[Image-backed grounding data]
************
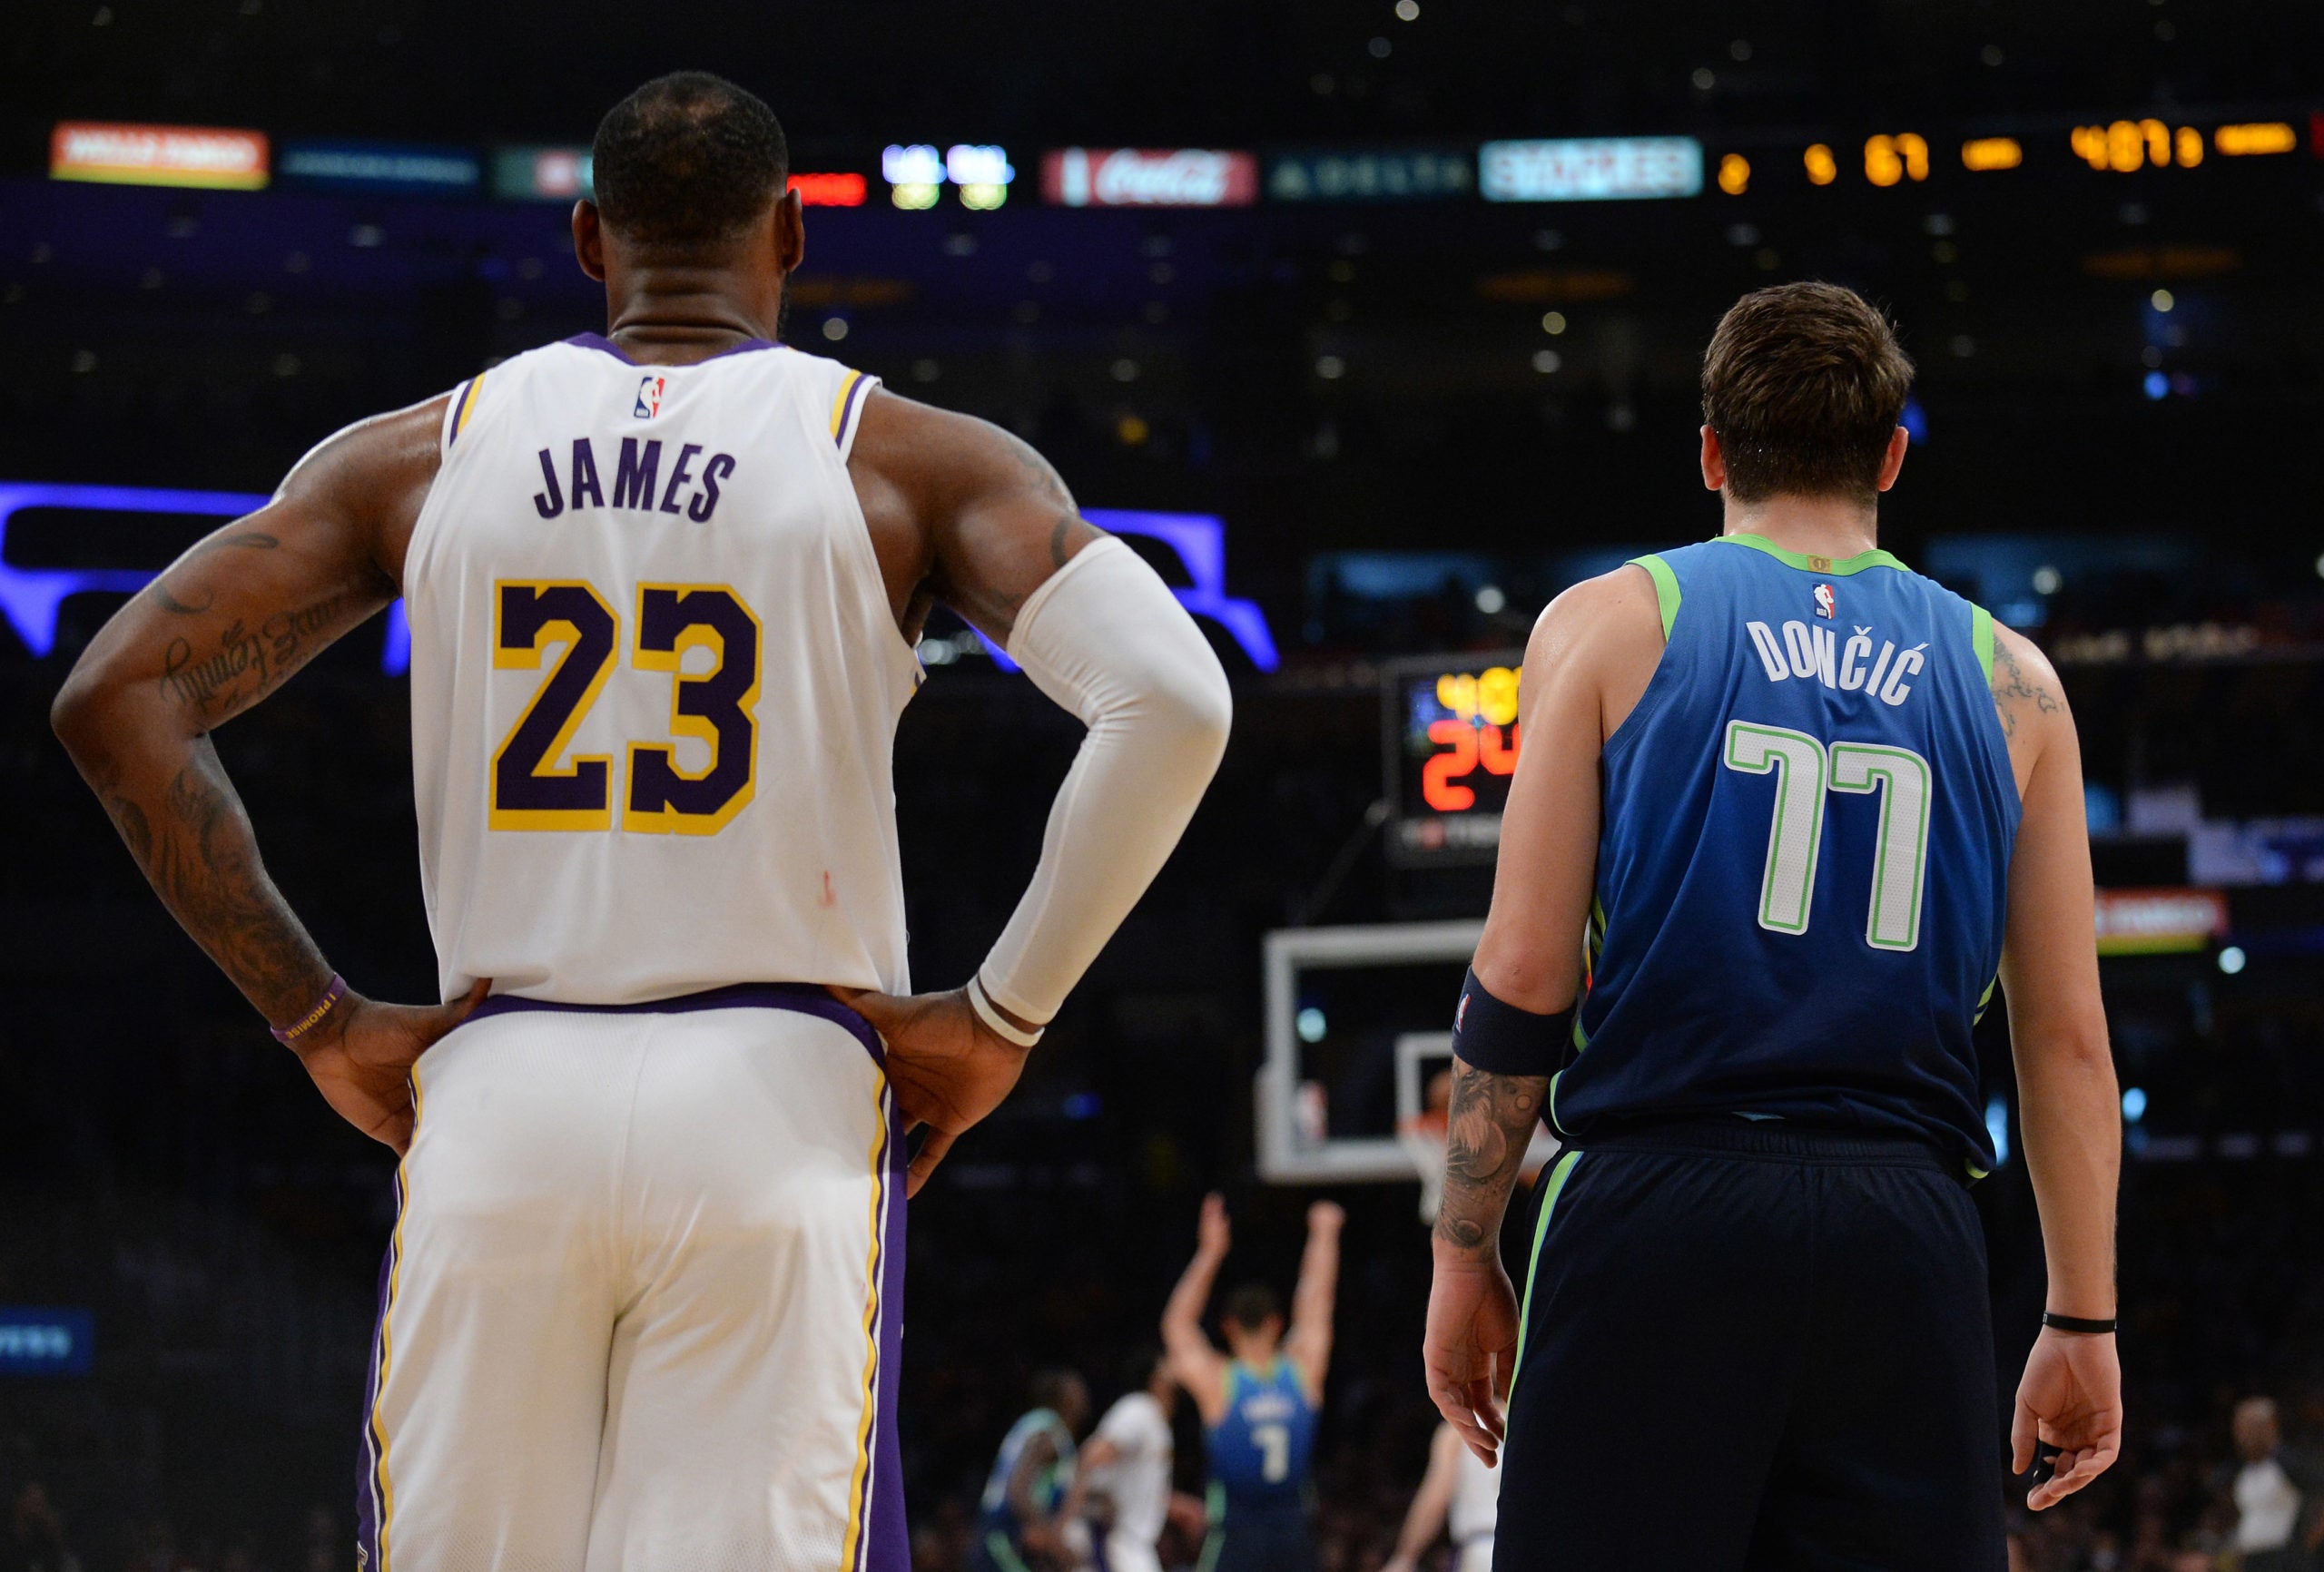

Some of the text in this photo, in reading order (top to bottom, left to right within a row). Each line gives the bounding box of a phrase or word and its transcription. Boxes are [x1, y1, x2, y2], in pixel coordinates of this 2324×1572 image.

[534, 437, 735, 523] JAMES
[1746, 621, 1930, 705] DONČIĆ
[488, 579, 763, 836] 23
[1724, 720, 1932, 951] 77
[285, 999, 331, 1039] PROMISE
************
→ Instructions to follow
The full text of the data above, exact and without pictures, is what to return.

→ Response to the task
Some of the text in this photo, in reading order (top to bottom, left to right within a row). Each line gives the bounding box of a phrase or word and its transcription. Boxes are [x1, y1, x2, y2], in pixel coordinates of this 2324×1572 image.

[534, 437, 735, 523] JAMES
[1746, 621, 1930, 705] DONČIĆ
[488, 579, 763, 836] 23
[1724, 720, 1932, 951] 77
[285, 999, 331, 1039] PROMISE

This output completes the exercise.